TASK DIRECTIONS: Reproduce the lines below from the one that contains "this 2048×1152 image." through the end, inclusive, and add nothing.

Start of RECORD SET

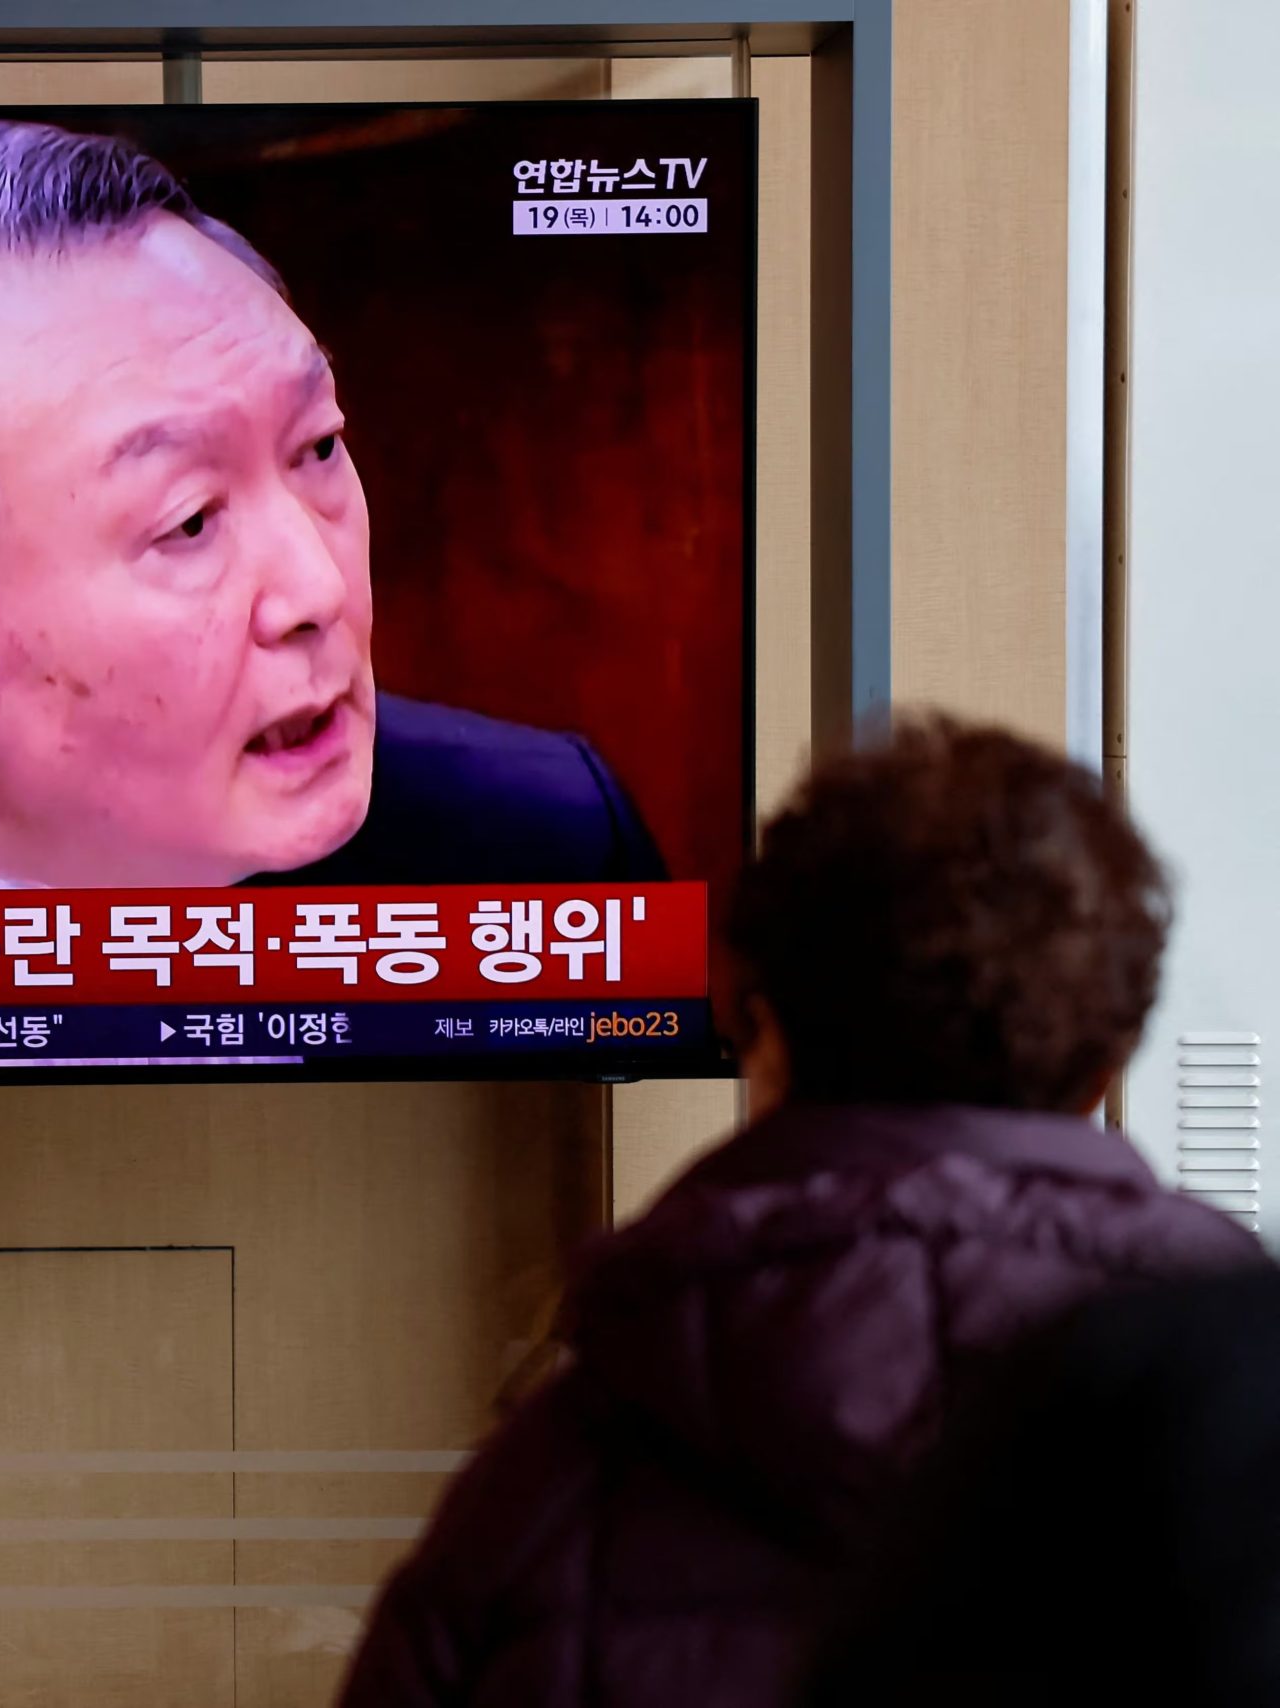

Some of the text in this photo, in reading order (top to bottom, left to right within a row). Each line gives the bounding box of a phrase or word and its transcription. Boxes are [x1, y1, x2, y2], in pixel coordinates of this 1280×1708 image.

[513, 157, 708, 194] 연합뉴스TV
[621, 204, 699, 228] 14:00
[470, 896, 646, 984] 행위'
[183, 1013, 244, 1046] 국힘
[434, 1011, 679, 1043] 제보 카카오톡/라인 jebo23
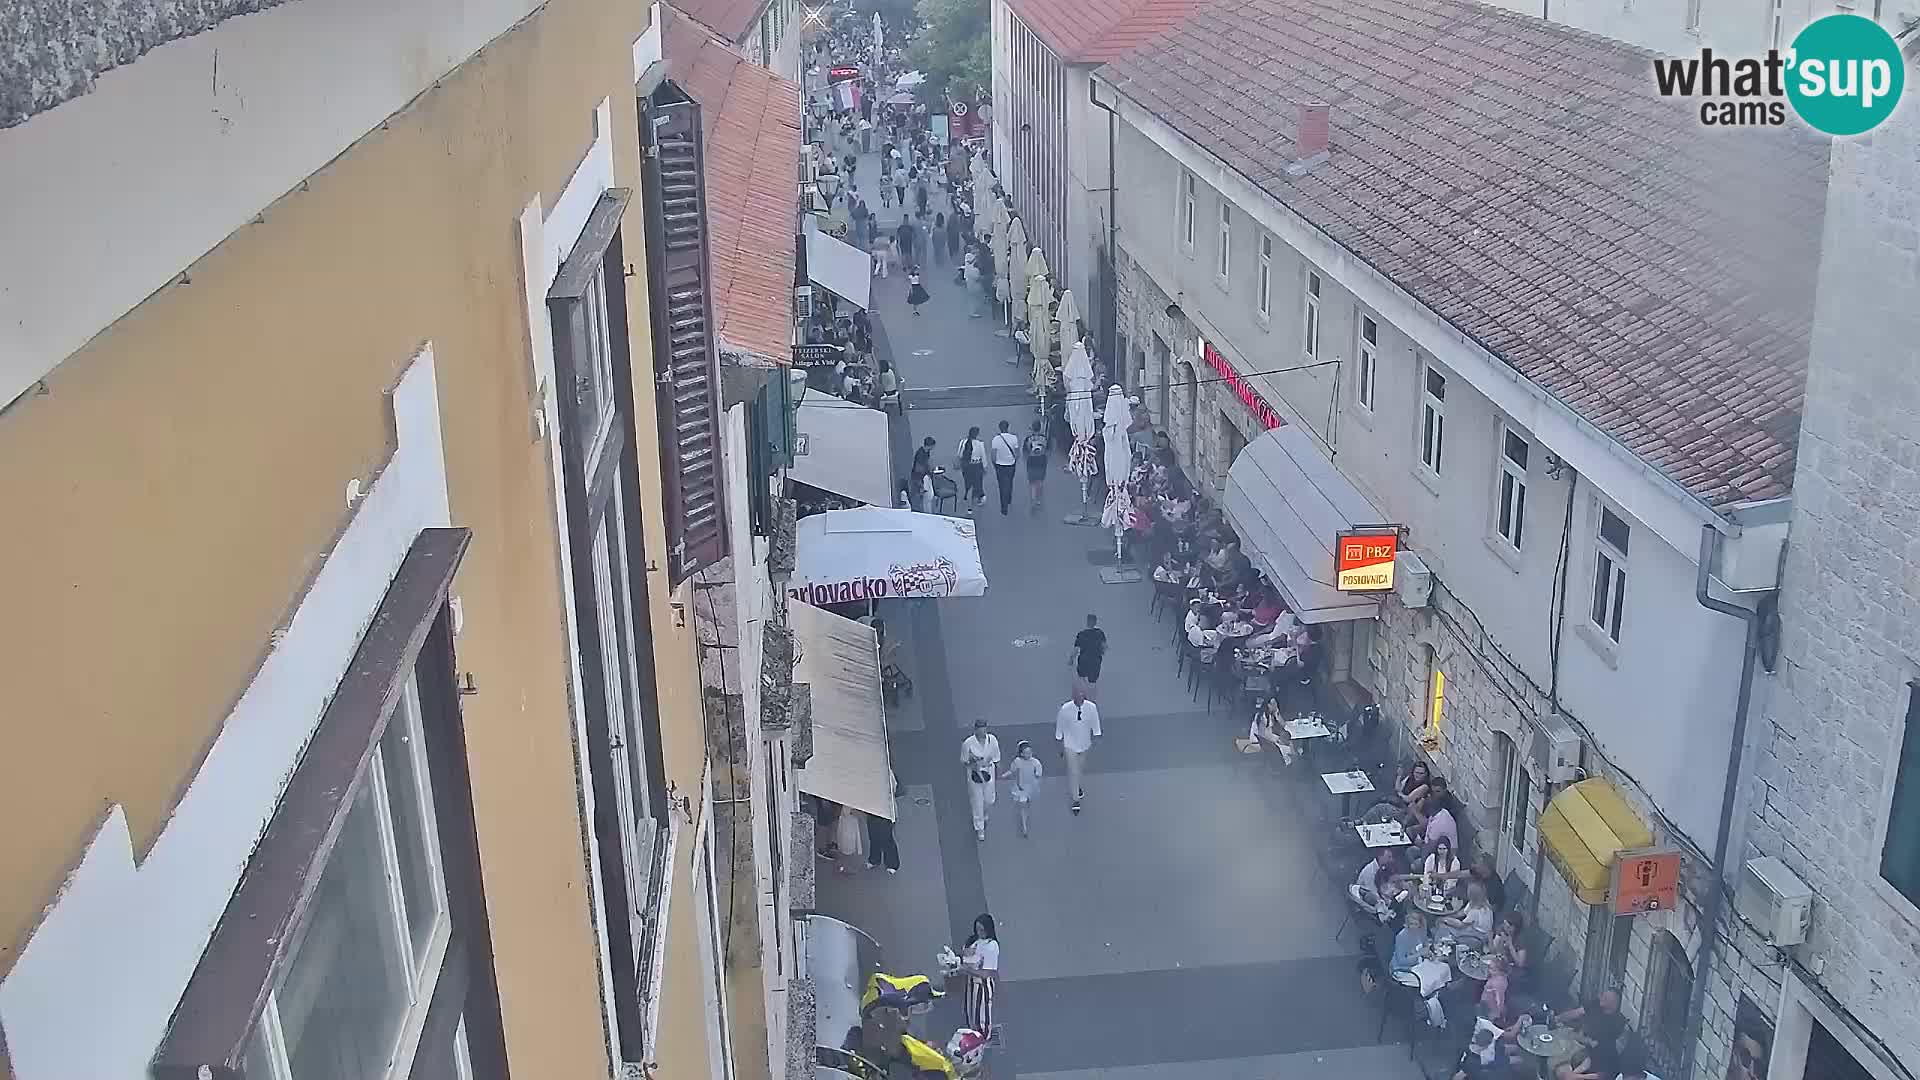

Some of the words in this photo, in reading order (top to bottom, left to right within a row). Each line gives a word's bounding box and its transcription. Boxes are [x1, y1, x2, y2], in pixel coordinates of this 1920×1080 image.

[1366, 546, 1392, 558] PBZ
[1343, 574, 1388, 585] POSLOVNICA
[788, 576, 887, 605] arlovačko
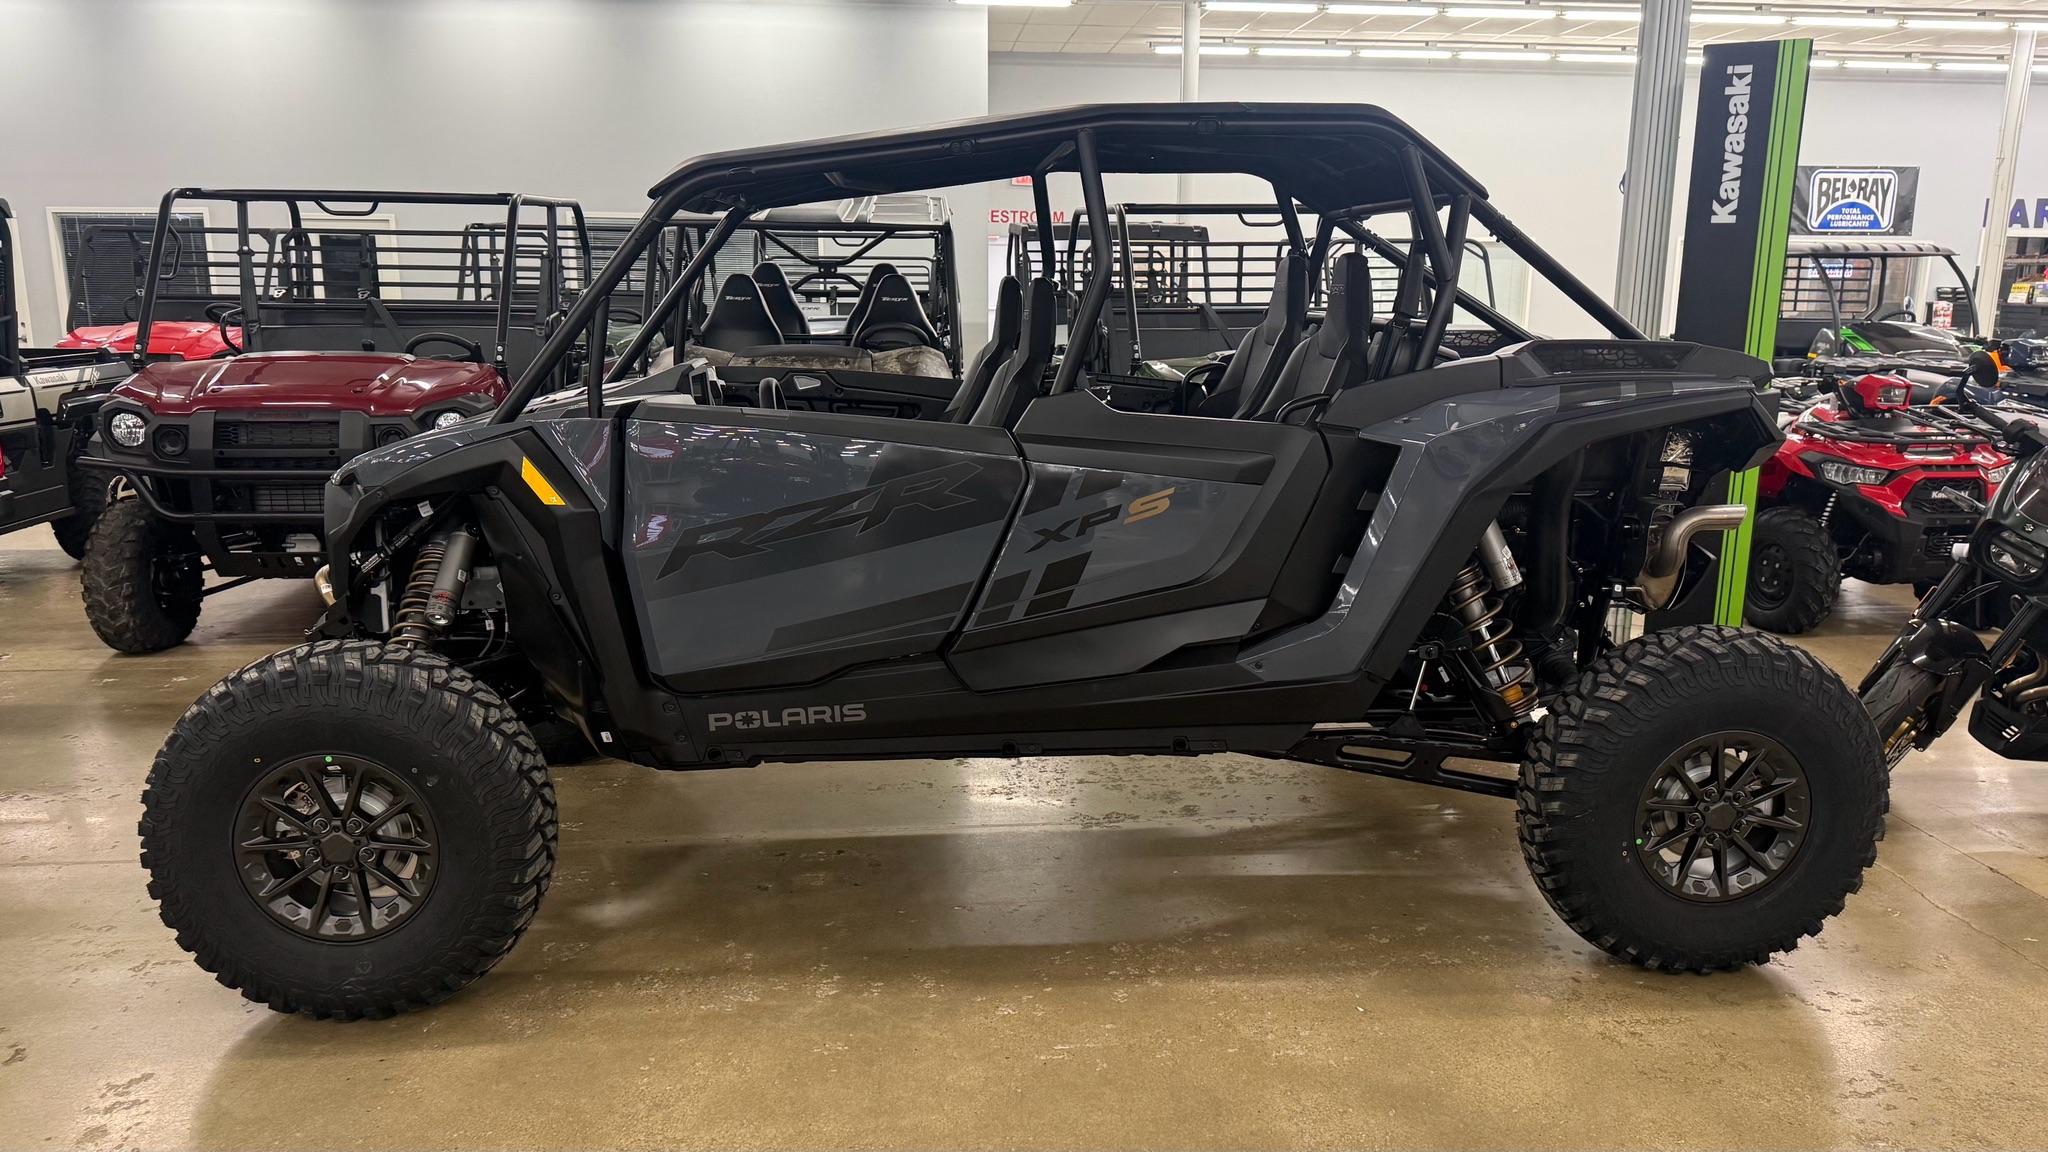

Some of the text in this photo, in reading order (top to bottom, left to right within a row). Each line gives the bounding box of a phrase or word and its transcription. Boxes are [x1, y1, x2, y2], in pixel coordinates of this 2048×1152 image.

[1710, 64, 1754, 224] Kawasaki
[1815, 177, 1893, 223] BEL RAY
[1982, 198, 2048, 228] AR
[33, 373, 68, 385] Kawasaki
[654, 461, 984, 583] RZR
[708, 703, 867, 732] POLARIS

End of RECORD SET

REPLY TO THE TASK:
Some of the text in this photo, in reading order (top to bottom, left to right within a row). Each line gives the bounding box of a phrase or word and its transcription. Boxes are [x1, y1, x2, y2], in pixel coordinates of this 2048×1152 image.

[1710, 64, 1754, 224] Kawasaki
[1815, 177, 1893, 223] BEL RAY
[1982, 198, 2048, 228] AR
[33, 373, 68, 385] Kawasaki
[654, 461, 984, 583] RZR
[708, 703, 867, 732] POLARIS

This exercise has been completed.